===== Input material

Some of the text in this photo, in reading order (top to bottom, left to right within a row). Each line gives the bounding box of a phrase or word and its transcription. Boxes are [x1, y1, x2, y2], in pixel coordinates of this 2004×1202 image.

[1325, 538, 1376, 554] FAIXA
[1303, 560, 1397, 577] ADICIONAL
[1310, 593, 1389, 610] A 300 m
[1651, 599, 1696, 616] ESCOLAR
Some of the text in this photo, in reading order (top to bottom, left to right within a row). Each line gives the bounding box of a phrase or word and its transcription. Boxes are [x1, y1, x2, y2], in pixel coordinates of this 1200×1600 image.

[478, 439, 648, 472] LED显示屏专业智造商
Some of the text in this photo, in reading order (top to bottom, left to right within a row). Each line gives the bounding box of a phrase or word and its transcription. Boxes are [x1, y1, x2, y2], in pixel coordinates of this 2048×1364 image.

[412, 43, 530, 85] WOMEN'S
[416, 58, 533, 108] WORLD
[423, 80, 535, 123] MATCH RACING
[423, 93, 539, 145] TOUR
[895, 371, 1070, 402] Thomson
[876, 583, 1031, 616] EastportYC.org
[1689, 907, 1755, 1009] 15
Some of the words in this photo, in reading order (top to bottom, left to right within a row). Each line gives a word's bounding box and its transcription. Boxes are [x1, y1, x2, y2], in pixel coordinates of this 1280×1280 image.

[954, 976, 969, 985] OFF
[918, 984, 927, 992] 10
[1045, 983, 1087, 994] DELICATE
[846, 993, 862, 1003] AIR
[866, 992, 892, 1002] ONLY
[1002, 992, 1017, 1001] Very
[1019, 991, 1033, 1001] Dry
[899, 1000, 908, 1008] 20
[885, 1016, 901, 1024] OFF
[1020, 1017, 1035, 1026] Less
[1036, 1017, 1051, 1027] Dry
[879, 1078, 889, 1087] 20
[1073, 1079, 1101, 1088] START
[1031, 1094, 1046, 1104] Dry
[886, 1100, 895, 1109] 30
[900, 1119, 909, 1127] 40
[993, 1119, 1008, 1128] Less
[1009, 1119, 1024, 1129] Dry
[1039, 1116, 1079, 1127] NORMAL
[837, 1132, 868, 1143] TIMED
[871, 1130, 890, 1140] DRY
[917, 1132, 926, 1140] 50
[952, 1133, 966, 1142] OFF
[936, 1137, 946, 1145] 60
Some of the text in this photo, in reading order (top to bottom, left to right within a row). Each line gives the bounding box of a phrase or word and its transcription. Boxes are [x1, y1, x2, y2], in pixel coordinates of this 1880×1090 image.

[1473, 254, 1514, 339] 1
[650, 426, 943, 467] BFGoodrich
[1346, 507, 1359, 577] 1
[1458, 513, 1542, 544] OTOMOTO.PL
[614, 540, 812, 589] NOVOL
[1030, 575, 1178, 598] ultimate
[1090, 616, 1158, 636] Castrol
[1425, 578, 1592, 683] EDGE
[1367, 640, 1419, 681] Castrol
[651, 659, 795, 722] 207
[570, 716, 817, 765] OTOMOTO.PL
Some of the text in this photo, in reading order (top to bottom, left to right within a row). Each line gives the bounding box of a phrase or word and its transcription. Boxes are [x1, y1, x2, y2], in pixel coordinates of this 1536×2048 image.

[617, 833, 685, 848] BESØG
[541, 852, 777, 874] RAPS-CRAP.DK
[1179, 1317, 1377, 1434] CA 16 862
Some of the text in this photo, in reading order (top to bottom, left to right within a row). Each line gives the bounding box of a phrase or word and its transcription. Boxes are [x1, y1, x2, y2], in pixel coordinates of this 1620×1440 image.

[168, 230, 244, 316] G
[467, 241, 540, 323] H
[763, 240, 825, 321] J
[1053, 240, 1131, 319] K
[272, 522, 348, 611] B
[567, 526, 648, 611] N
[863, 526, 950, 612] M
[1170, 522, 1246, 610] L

==========

Instructions for the task >> Having located the line containing "this 1880×1090 image.", set it down along with every line after it through the end of the data, reproducing each exactly.

Exercise solution >>
Some of the text in this photo, in reading order (top to bottom, left to right within a row). Each line gives the bounding box of a phrase or word and its transcription. Boxes are [x1, y1, x2, y2], in pixel coordinates of this 1880×1090 image.

[1473, 254, 1514, 339] 1
[650, 426, 943, 467] BFGoodrich
[1346, 507, 1359, 577] 1
[1458, 513, 1542, 544] OTOMOTO.PL
[614, 540, 812, 589] NOVOL
[1030, 575, 1178, 598] ultimate
[1090, 616, 1158, 636] Castrol
[1425, 578, 1592, 683] EDGE
[1367, 640, 1419, 681] Castrol
[651, 659, 795, 722] 207
[570, 716, 817, 765] OTOMOTO.PL
Some of the text in this photo, in reading order (top to bottom, left to right within a row). Each line gives the bounding box of a phrase or word and its transcription. Boxes are [x1, y1, x2, y2], in pixel coordinates of this 1536×2048 image.

[617, 833, 685, 848] BESØG
[541, 852, 777, 874] RAPS-CRAP.DK
[1179, 1317, 1377, 1434] CA 16 862
Some of the text in this photo, in reading order (top to bottom, left to right within a row). Each line gives the bounding box of a phrase or word and its transcription. Boxes are [x1, y1, x2, y2], in pixel coordinates of this 1620×1440 image.

[168, 230, 244, 316] G
[467, 241, 540, 323] H
[763, 240, 825, 321] J
[1053, 240, 1131, 319] K
[272, 522, 348, 611] B
[567, 526, 648, 611] N
[863, 526, 950, 612] M
[1170, 522, 1246, 610] L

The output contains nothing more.